Work instructions
Please write out every record exactly, but keep any images out of it.

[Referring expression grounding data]

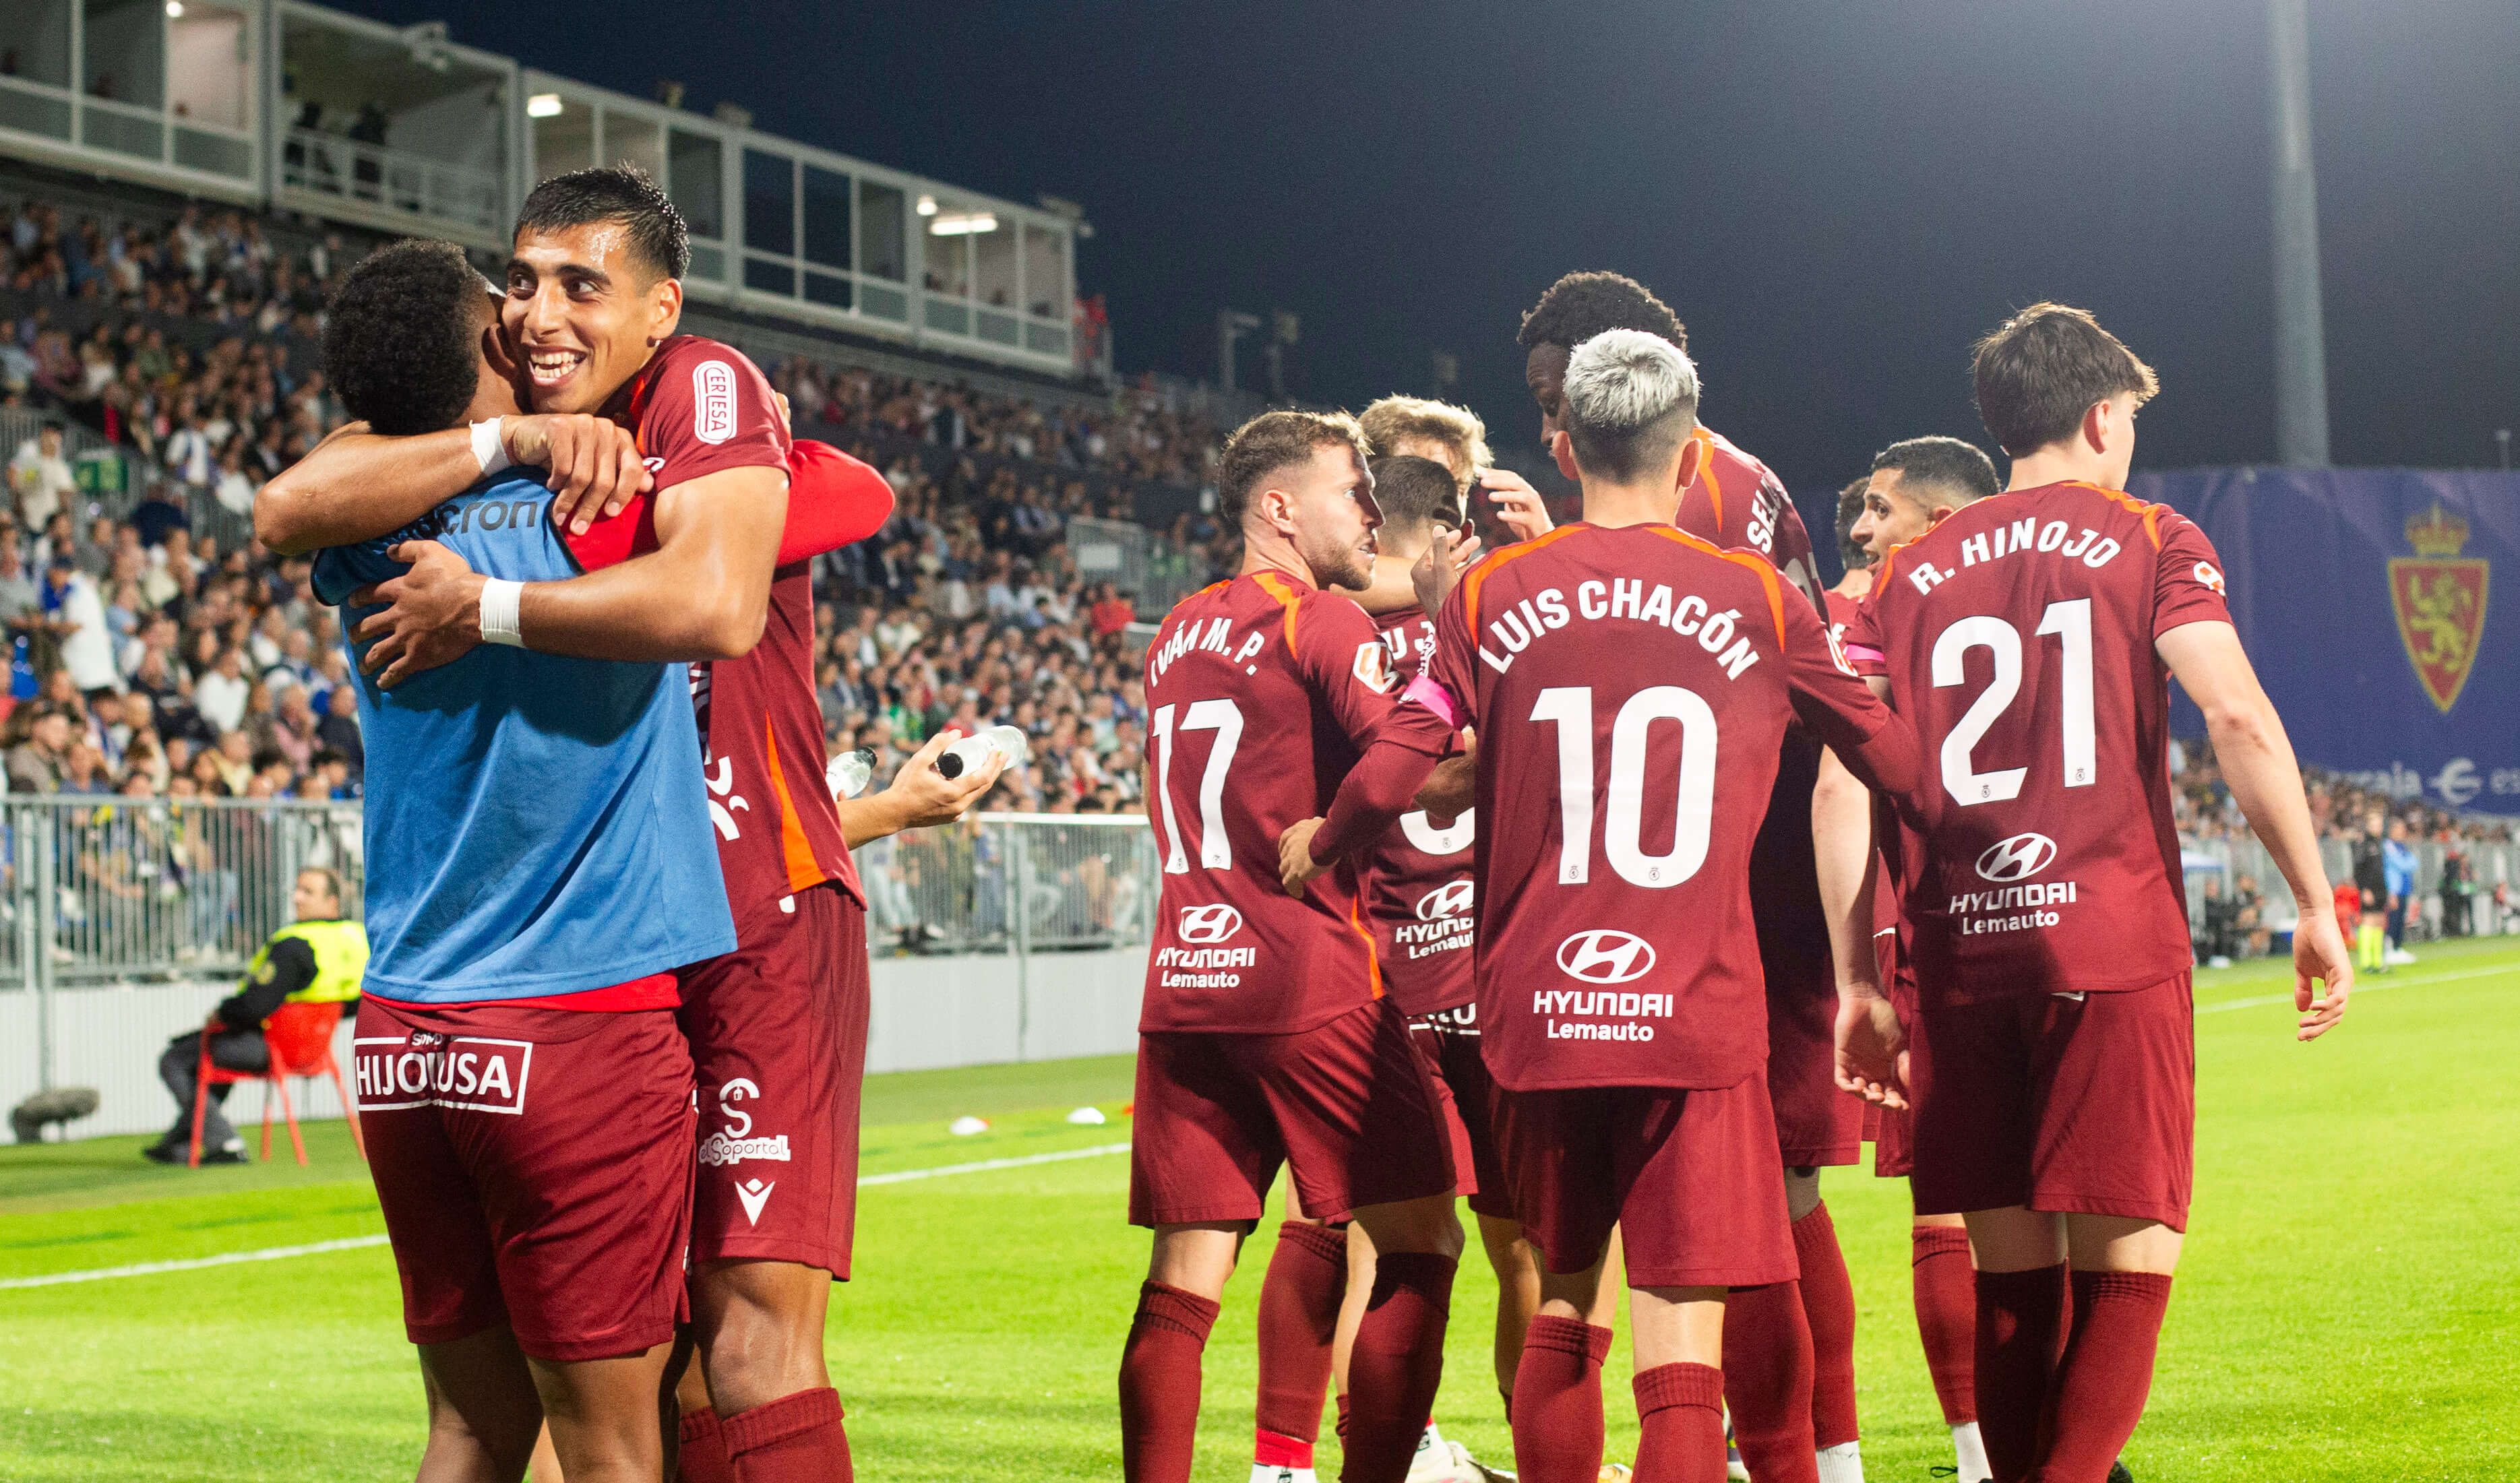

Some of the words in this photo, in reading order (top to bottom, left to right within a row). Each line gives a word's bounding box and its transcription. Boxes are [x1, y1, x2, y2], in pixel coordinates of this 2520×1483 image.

[1907, 562, 1956, 596] R.
[1961, 517, 2120, 568] HINOJO
[1479, 588, 1570, 674] LUIS
[1578, 577, 1760, 681] CHACÓN
[1150, 619, 1204, 687] IVÁN
[1199, 617, 1233, 656] M.
[1233, 631, 1264, 676] P.
[1932, 598, 2096, 806] 21
[1153, 699, 1243, 873] 17
[1529, 686, 1718, 888] 10
[1949, 881, 2077, 914] HYUNDAI
[1396, 917, 1473, 943] HYUND
[1963, 910, 2060, 935] Lemauto
[1155, 947, 1256, 968] HYUNDAI
[1161, 970, 1240, 988] Lemauto
[1533, 990, 1673, 1017] HYUNDAI
[1547, 1019, 1655, 1042] Lemauto

Reply
Some of the words in this photo, in reading order (top to bottom, left to right within a row). Each line gives a word's bounding box and its transcription. Boxes are [x1, y1, x2, y2], in pixel coordinates of this 2520×1483 image.

[1907, 562, 1956, 596] R.
[1961, 517, 2120, 568] HINOJO
[1479, 588, 1570, 674] LUIS
[1578, 577, 1760, 681] CHACÓN
[1150, 619, 1204, 687] IVÁN
[1199, 617, 1233, 656] M.
[1233, 631, 1264, 676] P.
[1932, 598, 2096, 806] 21
[1153, 699, 1243, 873] 17
[1529, 686, 1718, 888] 10
[1949, 881, 2077, 914] HYUNDAI
[1396, 917, 1473, 943] HYUND
[1963, 910, 2060, 935] Lemauto
[1155, 947, 1256, 968] HYUNDAI
[1161, 970, 1240, 988] Lemauto
[1533, 990, 1673, 1017] HYUNDAI
[1547, 1019, 1655, 1042] Lemauto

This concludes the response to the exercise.